TO DO
An exact copy of the entries below is needed, with every picture left out.

DATA UNDER STUDY
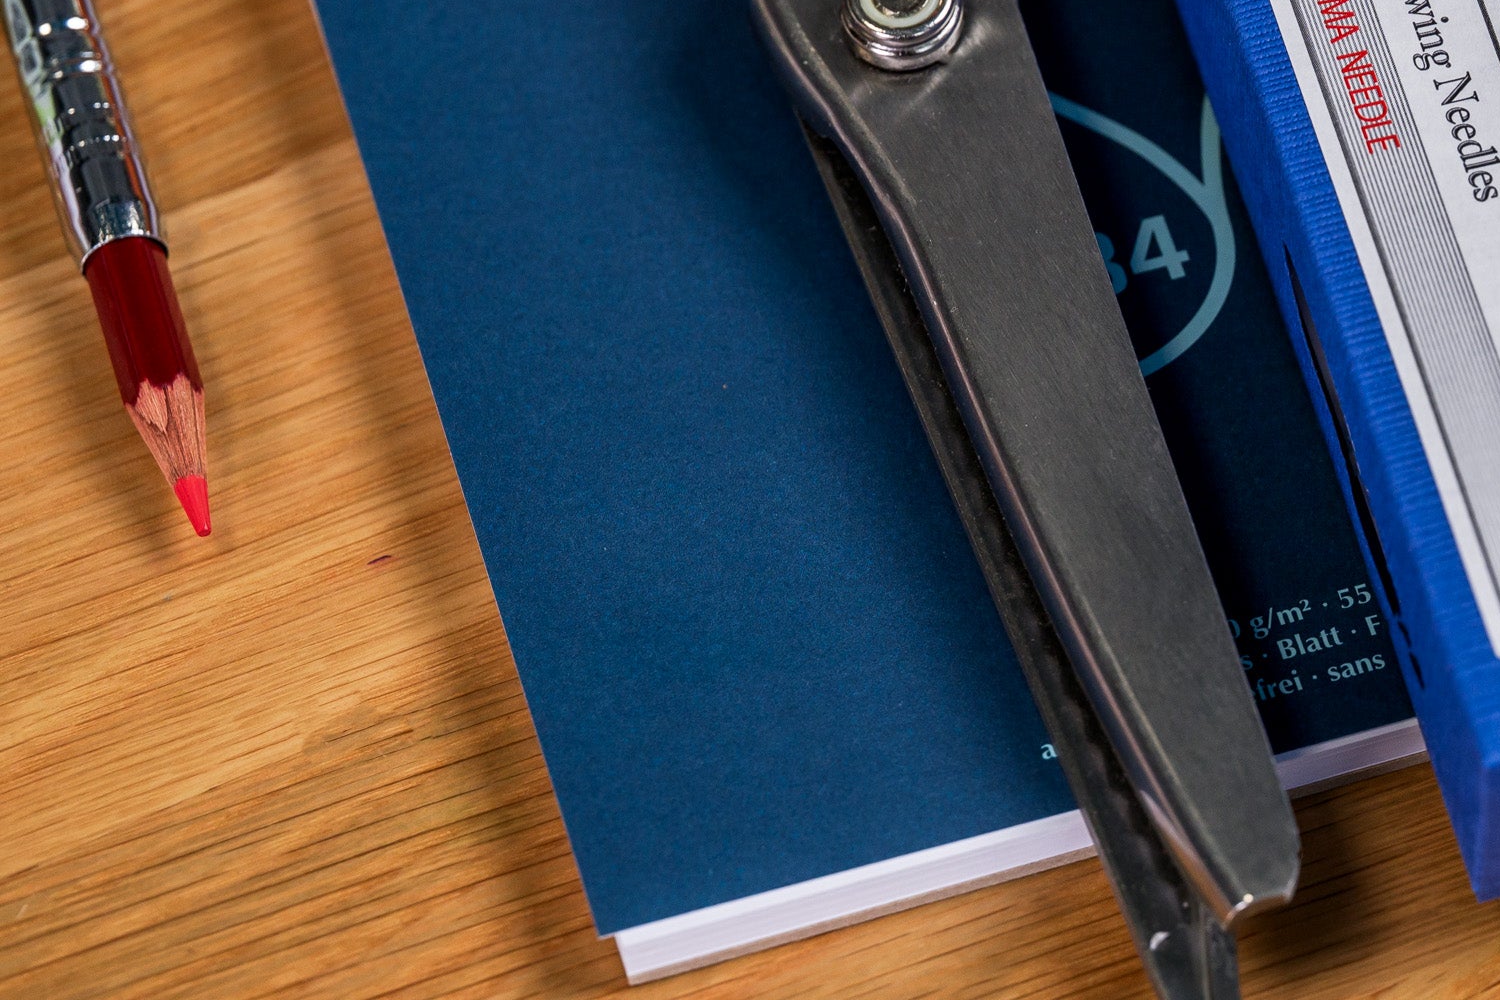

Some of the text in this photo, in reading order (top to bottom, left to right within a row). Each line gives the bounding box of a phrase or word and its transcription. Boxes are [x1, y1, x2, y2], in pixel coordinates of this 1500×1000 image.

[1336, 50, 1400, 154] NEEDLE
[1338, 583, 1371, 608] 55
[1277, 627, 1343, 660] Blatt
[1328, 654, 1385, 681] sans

PROBLEM SOLUTION
Some of the text in this photo, in reading order (top to bottom, left to right within a row). Each line gives the bounding box of a phrase or word and its transcription. Boxes are [x1, y1, x2, y2], in pixel coordinates of this 1500×1000 image.

[1336, 50, 1400, 154] NEEDLE
[1338, 583, 1371, 608] 55
[1277, 627, 1343, 660] Blatt
[1328, 654, 1385, 681] sans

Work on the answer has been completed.